Among the stranded Syrian migrants were young children, elderly men and women and even an eight month pregnant women, all left to fend for themselves on an abandoned island. Luckily they were spotted by passing tourist boats, all on board were obviously very shocked. The island sea police weren’t even able to assist the rescue as they do not have a boat themselves as it was sold a few years ago due to extreme cuts.
Once the boats brought the migrants safely to Halki they were forced to wait for three days outside the police station as they could not get the paperwork to enable them to move to the Greek mainland via a government paid transfer. To the credit of the Mayor of Halki and the owners of the restaurants and tavernas they were able to band together and provide enough food for the migrants to sustain them for their three night stay.

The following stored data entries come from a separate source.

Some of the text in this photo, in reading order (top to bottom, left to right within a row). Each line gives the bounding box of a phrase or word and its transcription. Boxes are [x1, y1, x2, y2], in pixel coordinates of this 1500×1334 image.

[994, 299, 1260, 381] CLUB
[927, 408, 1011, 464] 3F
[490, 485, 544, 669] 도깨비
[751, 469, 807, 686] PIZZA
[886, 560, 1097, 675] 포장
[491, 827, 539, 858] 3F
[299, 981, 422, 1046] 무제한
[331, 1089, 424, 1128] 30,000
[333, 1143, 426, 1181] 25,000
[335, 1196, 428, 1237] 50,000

I arrived the day after the migrants were taken to Rhodes where they joined other migrants waiting to be transferred onto the next leg of their journey. Our house is situated next door to the police station. I was met with around fifteen to twenty abandoned sleeping bags, big pots and blankets that had been left behind. It was at that point that it really hit me, the migrant crisis was a lot closer to home than I thought. It also gave me a real gauge of the problem as so many were forced to sleep outside even when they were likely to have been, for the first time in years, in safety.

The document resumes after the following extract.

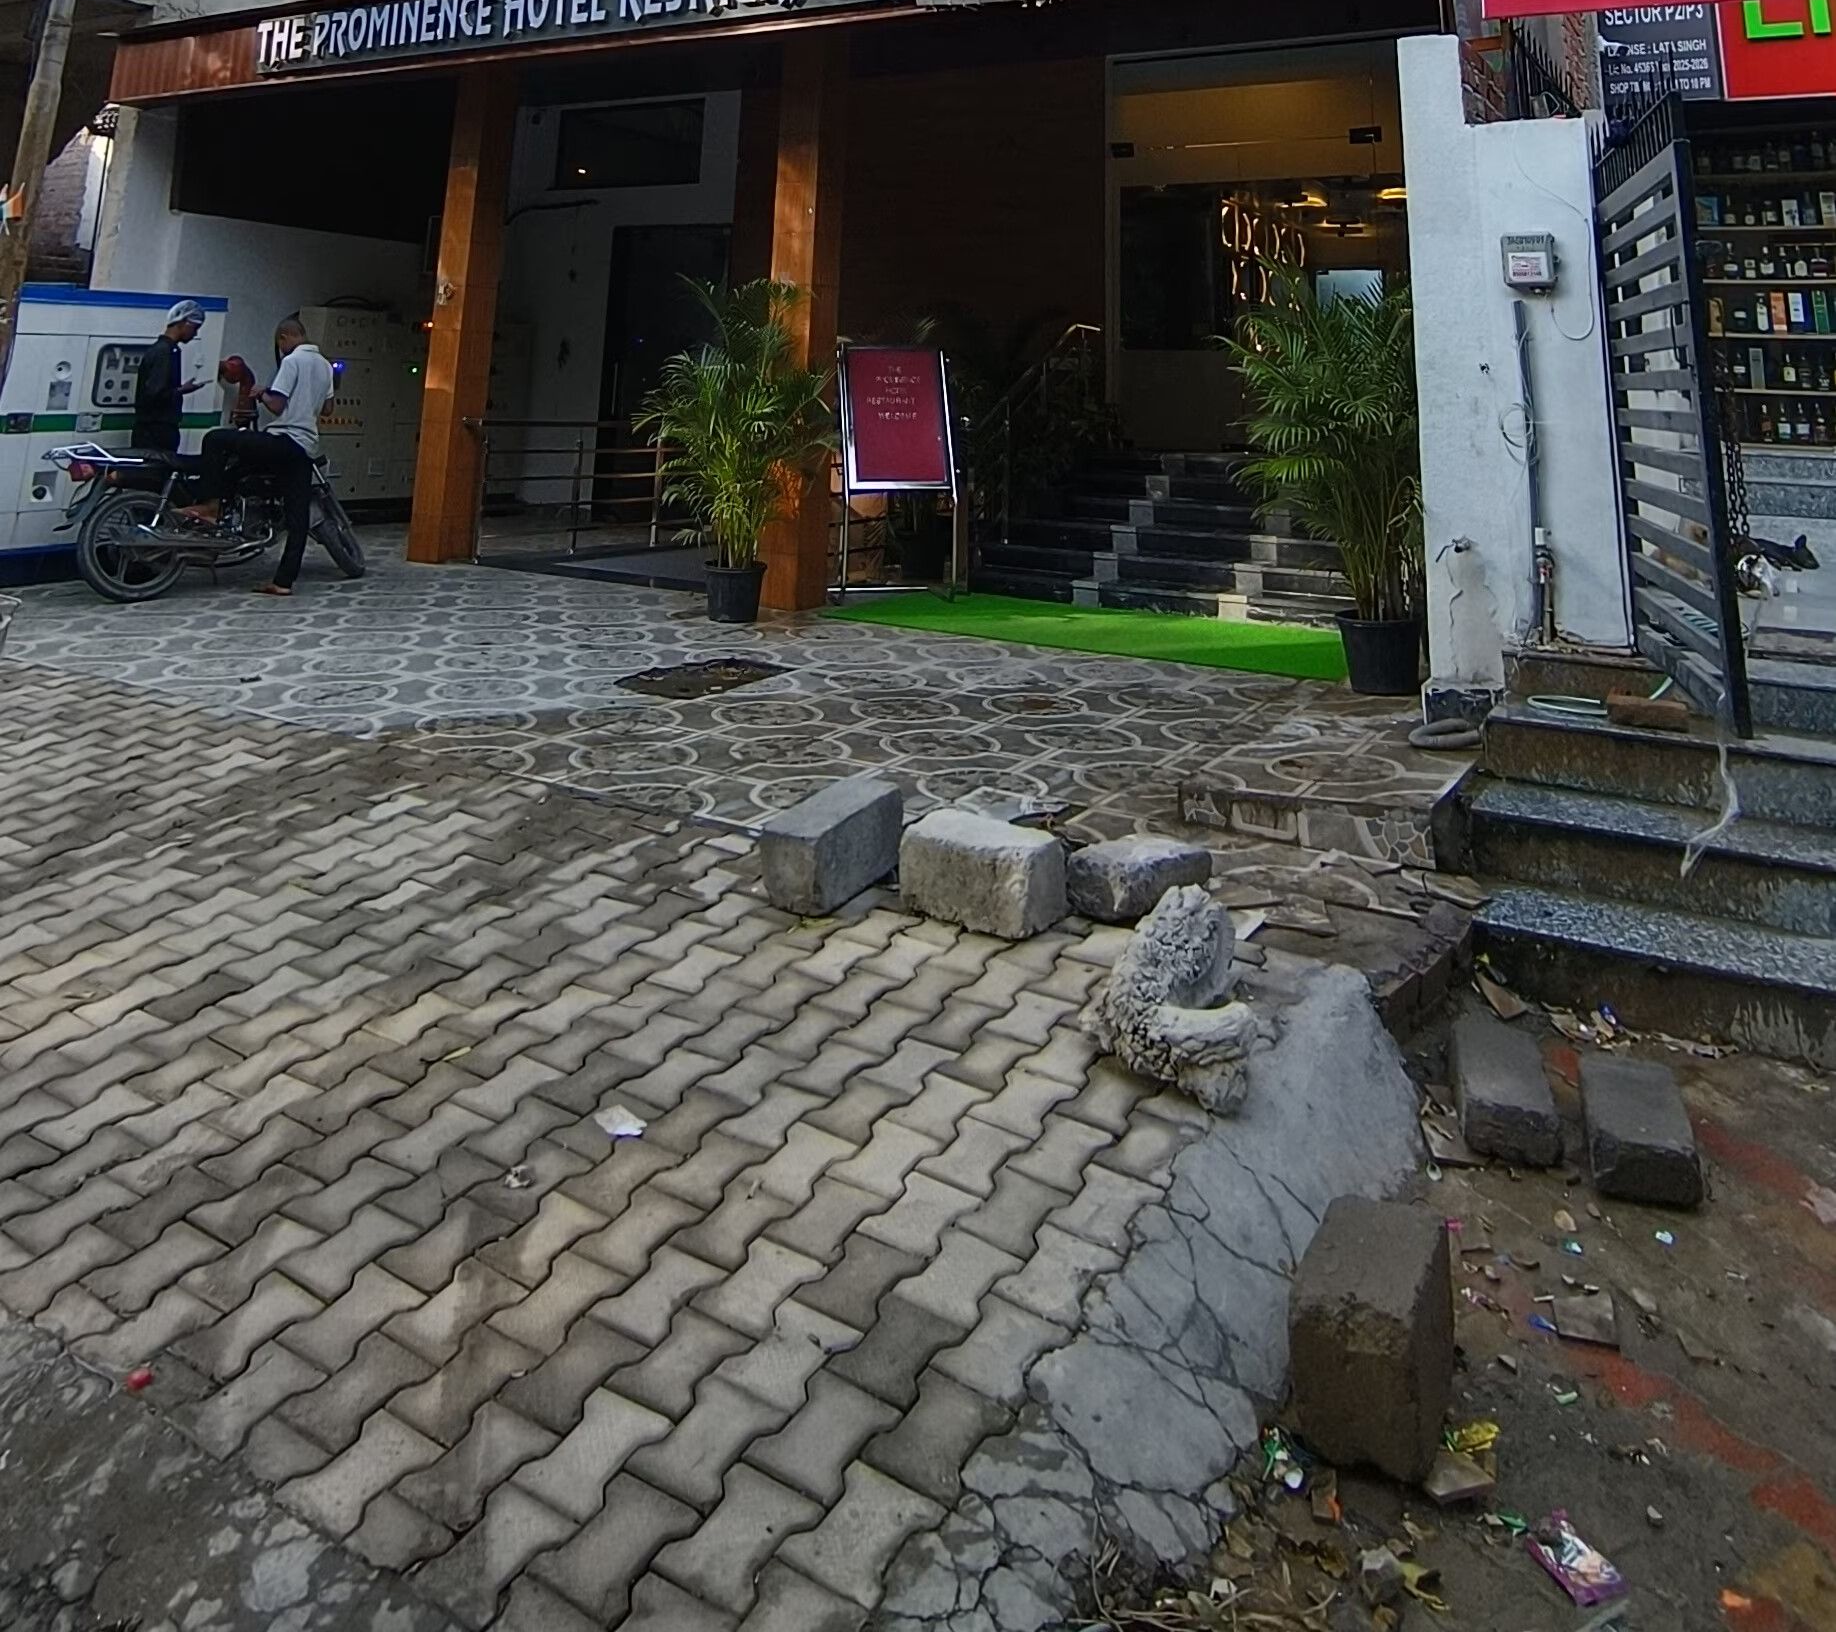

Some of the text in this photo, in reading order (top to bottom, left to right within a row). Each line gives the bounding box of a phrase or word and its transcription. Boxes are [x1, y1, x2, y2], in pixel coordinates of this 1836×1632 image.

[256, 18, 304, 65] THE
[1677, 38, 1707, 52] SINGH
[1610, 81, 1629, 95] SHOP

Since leaving the island a constant stream of migrants continue arriving on Halki, as a result it is becoming harder for the islanders to continue to help feed the migrants. Luckily the Mayor, Livanios has been able to raise enough awareness and is receiving some donations to be able to buy food. However the island is still in dire need of donations as the migrants will not stop coming during the winter months. At the same time half of the island will decant to other islands for off season work.
Livanios fears that because of harsher sea conditions than the summer months, boats will start capsizing unintentionally and some migrants may die. It is now a critical period for Livanios and the island as they need to gain as many donations as possible as they prepare for another wave of migrants in the coming months and migrants that may be in far worse condition compared to previous groups.